Today's technology allowed us to experience so many wonderful virtual field trips. We were lucky enough to
go to museums in Paris, visit zoos all over the world and we even went to Disneyworld. We had a virtual field
day, virtual glee club, art club and of course our beautiful Stepping Up and Graduation Ceremonies. We made
every effort to ensure success during this unchartered time.

Our staff spent the entire week planning curriculum and developing the necessary standards and prerequisite skills
needed for next year.  Although this was a new way of teaching for us, we learned a lot. We were trained in new
technology and learning platforms that gave us great access to help meet the students' needs. We have had
many success stories during this time. I want you to know that No matter what happens we will be ready to
meet the students' needs educationally and socially/emotionally. We began planning technology, curriculum,
mindfulness programs, virtual trips, and so much more. 

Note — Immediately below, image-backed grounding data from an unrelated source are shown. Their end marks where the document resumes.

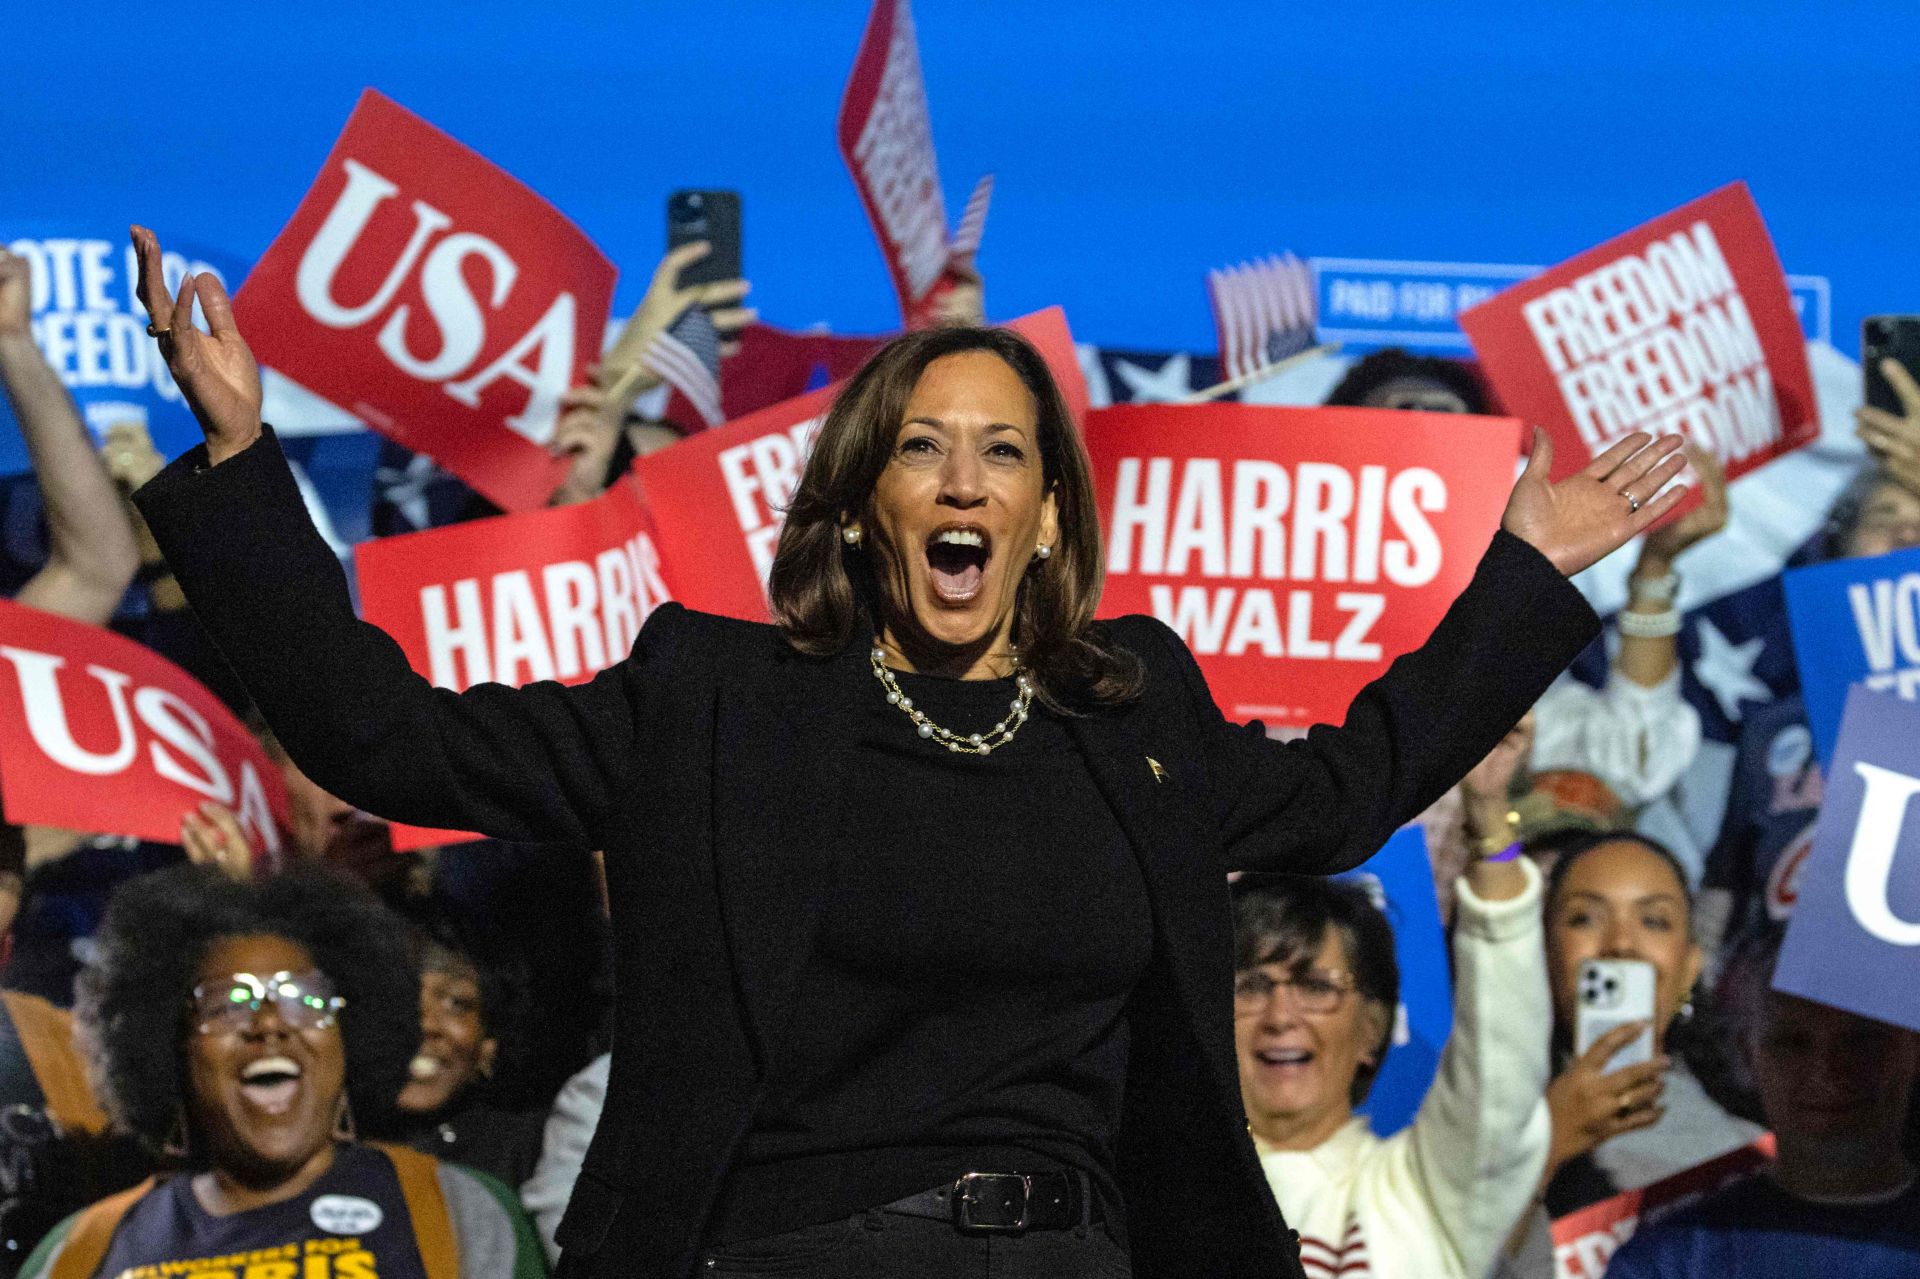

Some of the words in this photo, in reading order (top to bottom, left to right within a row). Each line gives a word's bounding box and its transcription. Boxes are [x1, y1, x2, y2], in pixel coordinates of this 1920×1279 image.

[8, 238, 117, 313] OTE
[295, 158, 577, 446] USA
[1522, 219, 1738, 375] FREEDOM
[1559, 293, 1766, 447] FREEDOM
[1107, 457, 1448, 588] HARRIS
[1149, 585, 1387, 662] WALZ
[0, 645, 282, 875] USA

Tomorrow your child's teacher will provide you grade specific summer activities. These activities will prepare
your child for next year and keep them engaged in a fun way. Some of the best practices I can offer you as
both a mother and an educator is to take time to listen to your child read and make sure they are reading at least
15 minutes a day. Practice math facts, encourage them to write often. Having your child journal a little each day
is a great way for a child to get their thoughts organized onto paper. Practice some of the wonderful mindfulness
activities we have provided for you every Wednesday.

It has been my pleasure working with your child this year. Having your parental support was essential. I would
like to take a moment to personally thank each and every one of the parents, grandparents, aunts, cousins and
anyone else who took time to co-teach with us in our virtual classrooms. Your dedication and support has not
gone unnoticed.

Have a wonderful summer,

Stay well,
Stay Safe,

Please check your emails weekly, as I will be updating you with any new information for the re-opening of the
2020-2021 school year.

Thank you,

Ms. Hatzimichalis
Principal

 

 

 

 

 

Important Coronavirus Precautions

It is critical that all New Yorkers continue to practice general viral infection prevention measures including:
  • Wash your hands with soap and water often.
  • Cover your nose and mouth with a tissue or sleeve when sneezing or coughing.
  • Do not touch your face with unwashed hands.
  • Do not shake hands. Instead, wave or elbow bump.
  • Monitor your health more closely than usual for cold or flu symptoms. 
  • Get your flu shot – it’s never too late.
  • Reduce overcrowding by walking or biking to work, if possible.
  • If the train is too packed, wait for the next one. 

If You  Feel Sick

  • Stay home and call your doctor if you have symptoms like coughing, shortness of breath, fever, sore throat.
  • If you do not feel better in 24-48 hours, contact your doctor.
  • Do not go to work until you have been fever-free for at least 72 hours without the use of fever reducing drugs like Tylenol or ibuprofen.
  • If you need help getting medical care, call 311.